Mali’s military government has reached a settlement worth $160 million with Australian mining company Resolute Mining following a tense dispute involving the company’s British CEO and two other employees. The three executives were unexpectedly detained ten days ago while traveling to the capital, Bamako, for what they had anticipated would be routine negotiations. The arrests have sparked international attention, raising concerns about the growing risks for foreign companies operating in the West African nation.
Resolute Mining, which owns a gold mine in Mali, confirmed on Sunday that it would pay $80 million from its existing cash reserves as part of the settlement. The remaining $80 million will be paid in installments over the coming months. This deal comes after the detentions of Resolute’s British CEO, Terry Holohan, and his colleagues, who were arrested under charges of forgery and damaging public property. The company described the detentions as an attempt by the Malian government to exert pressure on the firm, with some seeing it as a move to extract concessions related to Mali’s desire for a greater share of the profits from the country’s lucrative mining sector.
Mali, one of Africa’s largest gold producers, has long been a destination for international mining companies. However, the country’s military government, which seized power in a coup in 2021, has been rethinking its relationships with foreign businesses, particularly Western entities. Mali is seeking to gain a more significant portion of the wealth generated by the gold industry, which has led to new laws aimed at increasing the state’s control over mining operations.
As part of the terms for Resolute Mining’s payment, the three detained executives must sign a memorandum of understanding with the Malian government, confirming their commitment to the settlement. The release of the executives is contingent upon the payment of the initial $80 million, as outlined in a report by the French broadcaster RFI.
The detentions of Holohan and his colleagues come amid rising tensions between Mali and foreign mining companies, many of which are based in Western countries. The military junta, led by President Col. Assimi Goïta, has been actively challenging the influence of Western powers in Mali, particularly since it came to power in the 2021 coup. Goïta’s government has sought to reshape Mali’s political and economic alliances, including pivoting towards Russia for security and trade relationships, which has caused unease in Western capitals.
The country’s mining sector, once dominated by foreign companies, is a major contributor to Mali’s economy. However, the Malian government has increasingly pushed for reforms that would allow the state to capture a larger share of the profits from the industry.
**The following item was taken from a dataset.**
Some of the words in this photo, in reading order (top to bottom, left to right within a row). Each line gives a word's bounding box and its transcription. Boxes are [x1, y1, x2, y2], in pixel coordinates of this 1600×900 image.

In 2022, Goïta signed a new mining code into law, which raised the maximum stake for state and local investors in mining projects from 20% to 35%. This move has been part of the broader effort to renegotiate terms with foreign companies operating in Mali’s mineral-rich territories.
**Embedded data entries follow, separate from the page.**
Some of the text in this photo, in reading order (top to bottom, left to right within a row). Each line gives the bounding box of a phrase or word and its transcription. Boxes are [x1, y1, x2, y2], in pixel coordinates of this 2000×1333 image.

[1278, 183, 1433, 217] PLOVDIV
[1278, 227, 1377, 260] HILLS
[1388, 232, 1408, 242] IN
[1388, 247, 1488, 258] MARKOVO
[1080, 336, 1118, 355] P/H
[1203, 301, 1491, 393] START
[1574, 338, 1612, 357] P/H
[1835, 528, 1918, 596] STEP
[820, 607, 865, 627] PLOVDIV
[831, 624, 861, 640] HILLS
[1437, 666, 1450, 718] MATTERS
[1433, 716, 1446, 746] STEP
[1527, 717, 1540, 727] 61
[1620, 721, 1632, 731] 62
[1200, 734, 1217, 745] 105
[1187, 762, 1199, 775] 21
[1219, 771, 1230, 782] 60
The settlement between Resolute Mining and Mali is just one of several recent incidents highlighting the country’s new approach to mining and foreign investment. The ongoing crackdown on Western companies is part of a broader trend in Mali and other countries in the region, where governments are seeking to take control of valuable natural resources. Critics argue that these actions could discourage foreign investment and damage Mali’s reputation as a stable place for mining operations, but the government insists that such measures are necessary to ensure that the country benefits more from its mineral wealth.
For Resolute Mining, the dispute has been costly. The company has said that the financial settlement, while necessary to resolve the immediate crisis, will strain its cash reserves. However, the firm is hopeful that the settlement will pave the way for a more stable operating environment in Mali going forward.
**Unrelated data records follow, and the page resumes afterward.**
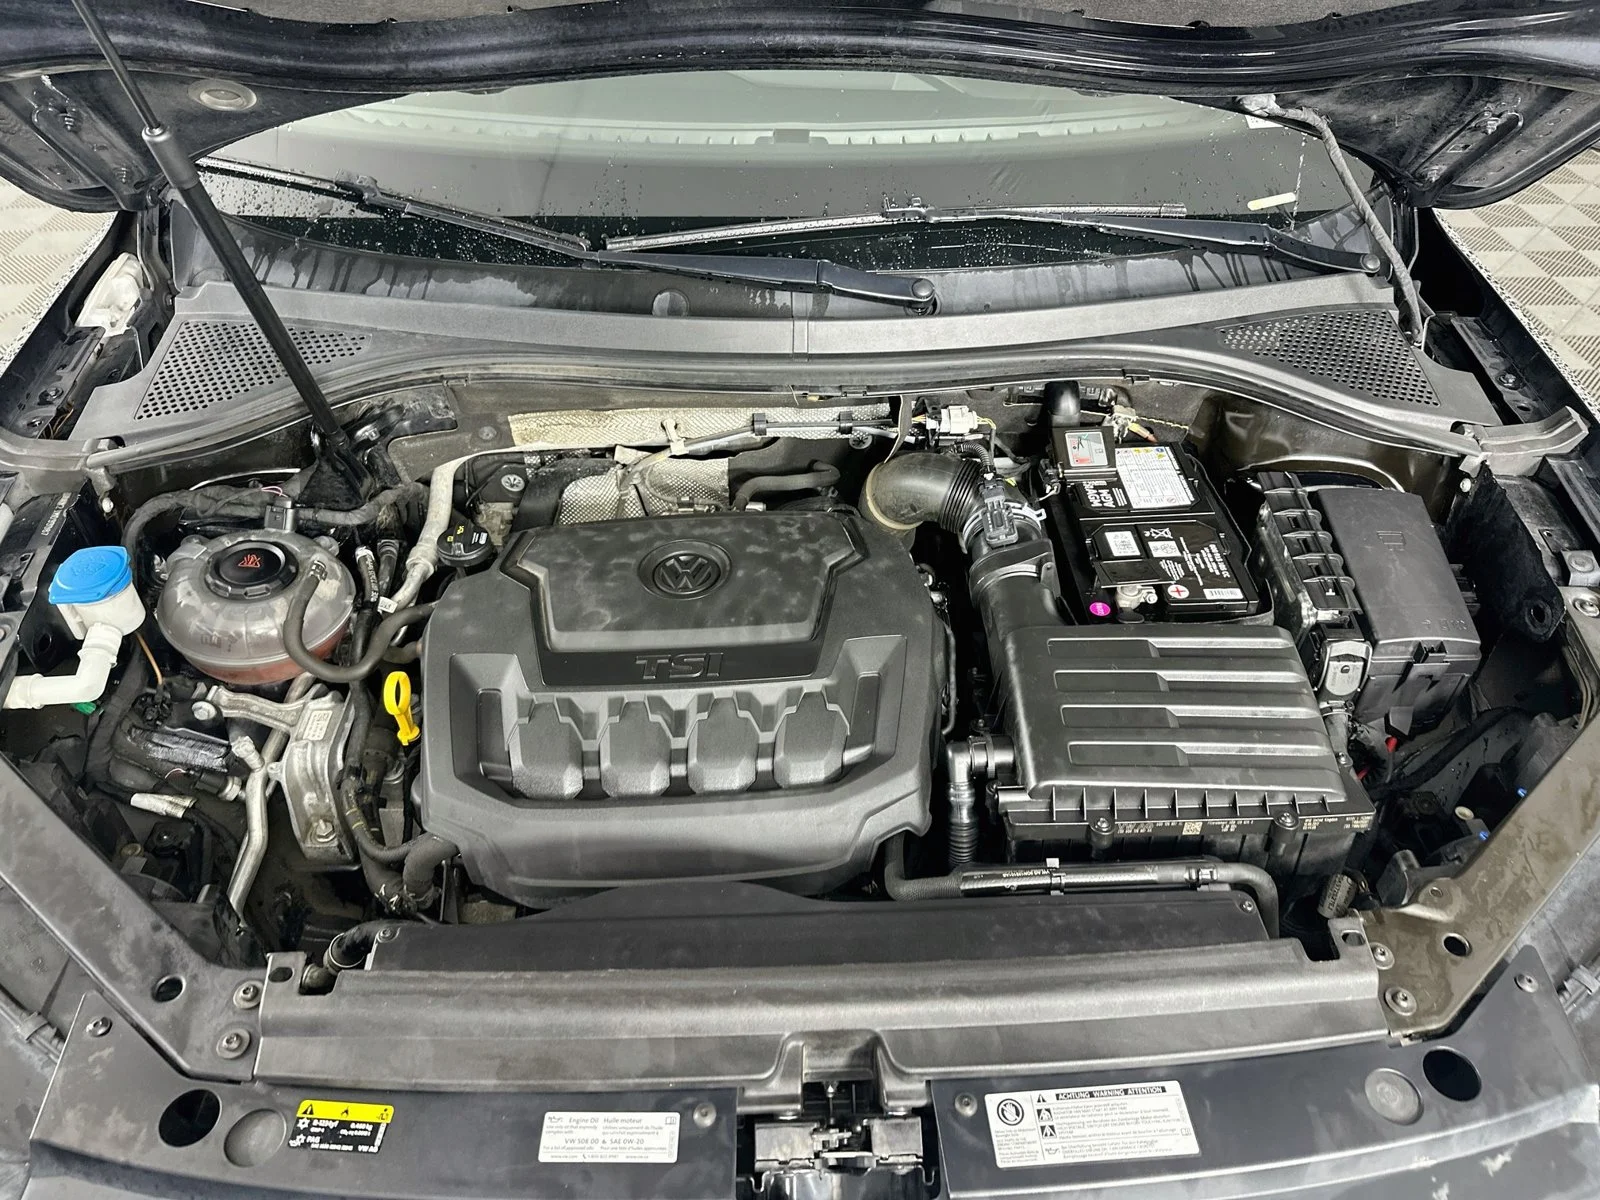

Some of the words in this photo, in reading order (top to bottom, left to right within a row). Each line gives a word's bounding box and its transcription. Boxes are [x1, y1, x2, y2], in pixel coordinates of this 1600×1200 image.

[1098, 489, 1116, 508] AGM
[635, 653, 724, 680] TSI
[1059, 1092, 1091, 1100] ACHTUNG
[1093, 1089, 1125, 1098] WARNING
[1127, 1086, 1162, 1095] ATTENTION
[569, 1117, 589, 1125] Engine
It is unclear when the three executives will be released, but their detentions have underscored the risks faced by foreign companies doing business in Mali, where the political and economic landscape has shifted dramatically in recent years. The country’s military government has made it clear that it intends to assert greater control over its natural resources, and foreign investors will need to navigate this evolving environment with caution.
In conclusion, the $160 million settlement between Resolute Mining and Mali’s military government marks a significant moment in the ongoing tension between foreign companies and the country’s military rulers. While the immediate issue has been resolved, the broader implications for the future of foreign investment in Mali’s mining sector remain uncertain, particularly as the junta continues to push for a larger share of the profits from the country’s gold industry. The detentions and subsequent settlement highlight the challenges of operating in a country undergoing major political shifts and seeking to renegotiate its relationships with global powers.